Drone technology has huge potential in the construction industry, aiding communication, facilitating optimised marketing strategies, and making building sites safer. This article explores current applications of drone technology in construction today.

The First Commercial Drones Were Developed in 2006

According to the Wall Street Journal, the first non-military drones were developed by government agencies to fight wildfires, deliver disaster relief, and facilitate border surveillance. Companies soon caught on to the vast potential of drones, using modern technology to make people’s lives safer and easier. For example, drones could be used to spray crops with pesticides, reducing human exposure to hazardous chemicals. They could also be used to inspect pipelines, accessing areas humans may find it hard to get to.

Drones in Construction

Drones, or Unmanned Aerial Vehicles (UAVs) as they are also known, have a variety of different uses within construction. Current applications of drone technology include:

  1. Building Surveys: As drones are airborne, they can access areas it may be difficult or dangerous for a human to go. Drones are extremely useful for inspecting roofs, reducing the time and cost involved in an inspection by eliminating the need for erection of scaffolding, or the use of a ladder or cherry picker.
  2. Thermal Image Recording: Drones can reveal cold and hot spots within a building, highlighting building defects that need rectifying.
  3. Site Inspections: Drones enable personnel to carry out visual inspections without being exposed to any on-site health and safety risks. Images can be fed back to surveyors and engineers in real-time HD, allowing them to check project progress and identify any potential problems.
  4. Site Logistics: Construction of a building involves more than simply planning the building itself. Engineers must identify heavy machinery, such as vehicles and cranes, that will be needed throughout the construction process; where they are going to go; and plot their path through the building site.
  5. Laser Scanning: Drones enable surveyors to scan areas high up on a building, where it would be difficult for them to access safely.
  6. Promotional Photography: Drones can be used to produce impressive aerial photography, making them the perfect tools for estate agents looking to market a property.
  7. Health and Safety Inductions: By utilising drone technology, construction companies can inspect a site in real-time, identifying health and safety risks. Inductions can be carried out without subjecting participants to the dangers of an active building site, enabling project managers to demonstrate active excavation areas, moving vehicles and cranes without the inherent risks.

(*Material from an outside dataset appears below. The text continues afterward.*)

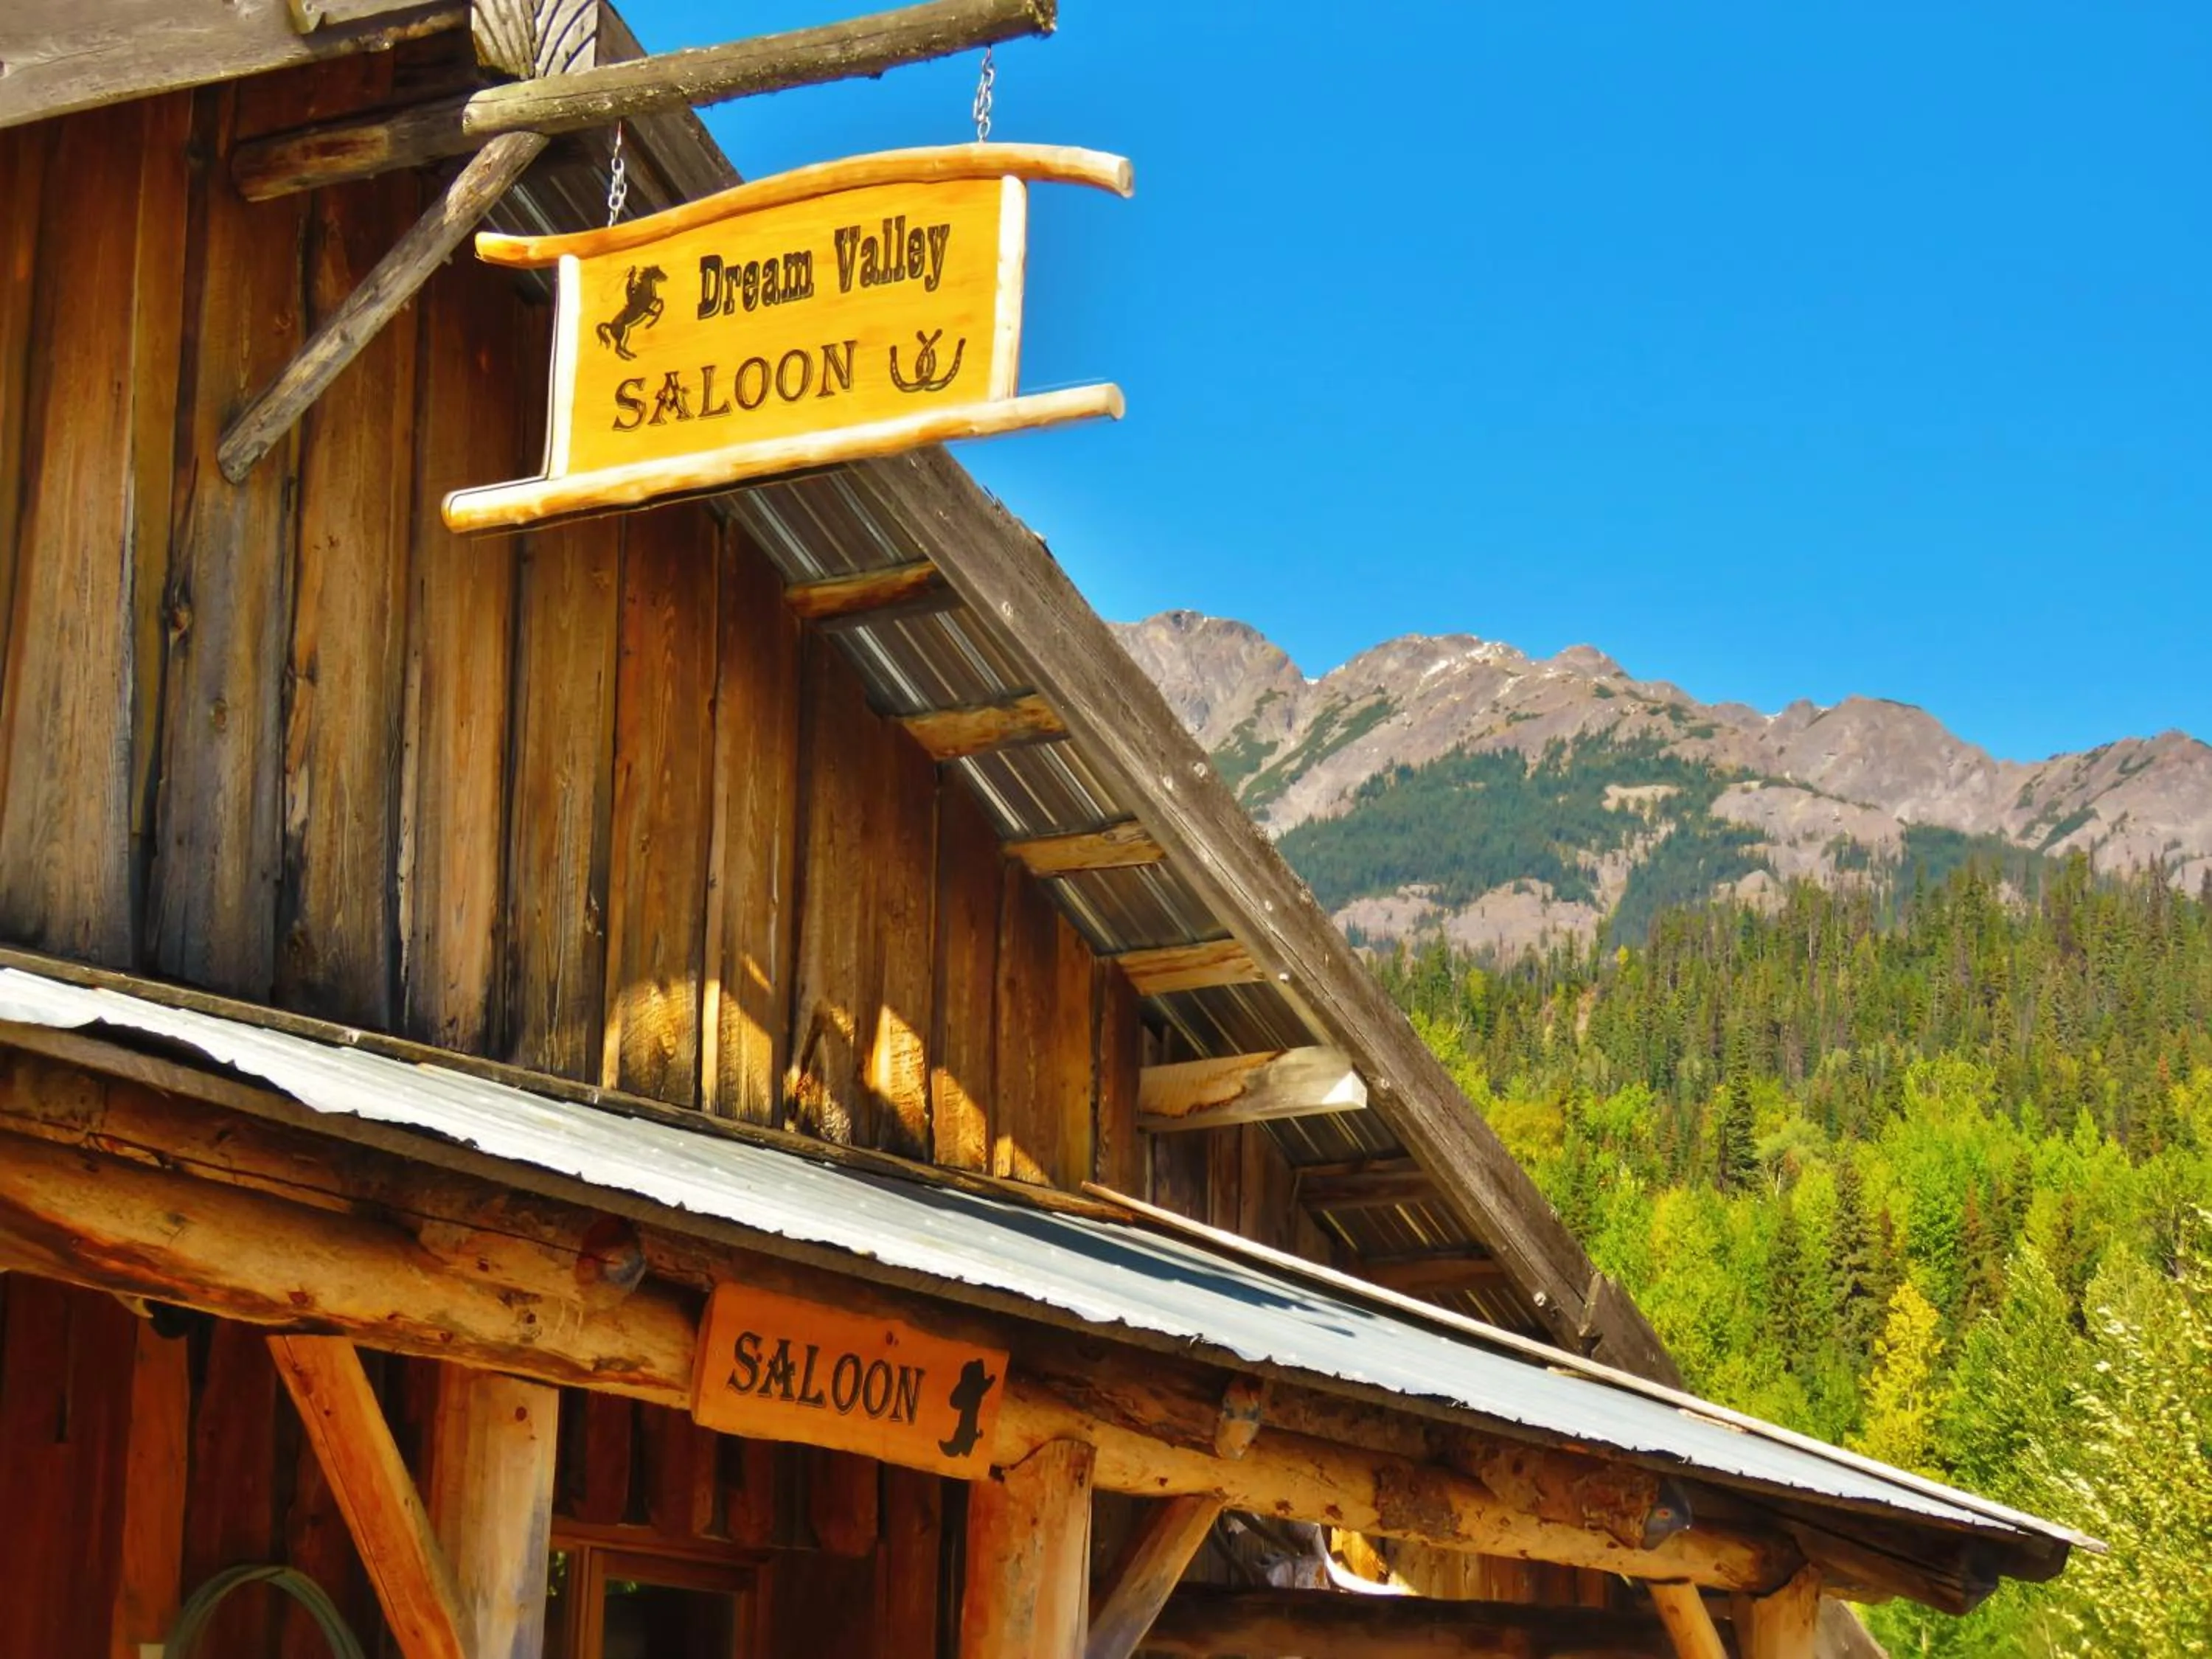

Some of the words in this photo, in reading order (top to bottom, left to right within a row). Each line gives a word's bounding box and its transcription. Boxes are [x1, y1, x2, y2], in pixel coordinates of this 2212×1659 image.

Drones also help improve building site security. Find out more by watching the attached video.

Drones Help Contractors Avoid Expensive Mistakes

High resolution images captured by drone technology can be used to create 3D models and 2D orthophotos, enabling construction coordinators to build a rich digital representation of a project. They can use this to pinpoint potential challenges preconstruction, measure progress, and identify mistakes later on.

It is vital that construction companies embrace digital technologies. Sahel Majali is Chairman of the Mid Group, one of the fastest-growing construction companies in the UK today. The Mid Group uses digital technologies such as BIM and virtual reality to deliver optimised offsite construction solutions to private and public sector clients.

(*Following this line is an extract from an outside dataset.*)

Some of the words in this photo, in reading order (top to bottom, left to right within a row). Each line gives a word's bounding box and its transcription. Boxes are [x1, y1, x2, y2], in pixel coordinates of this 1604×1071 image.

Digital technologies facilitate collaboration between all of the various parties involved in a project. View the attached infographic to find out how drones improve cohesion and communication in construction.

Drones in Africa

Compared with other regions, most African governments have imposed relatively few limitations on the use of drones. Many believe this will pave the way for vast opportunities in the African construction industry, as outlined in the attached PDF.

We live in a digital age. Embracing digital technologies, such as drones, BIM and virtual reality is key to gaining a competitive edge in the construction industry today.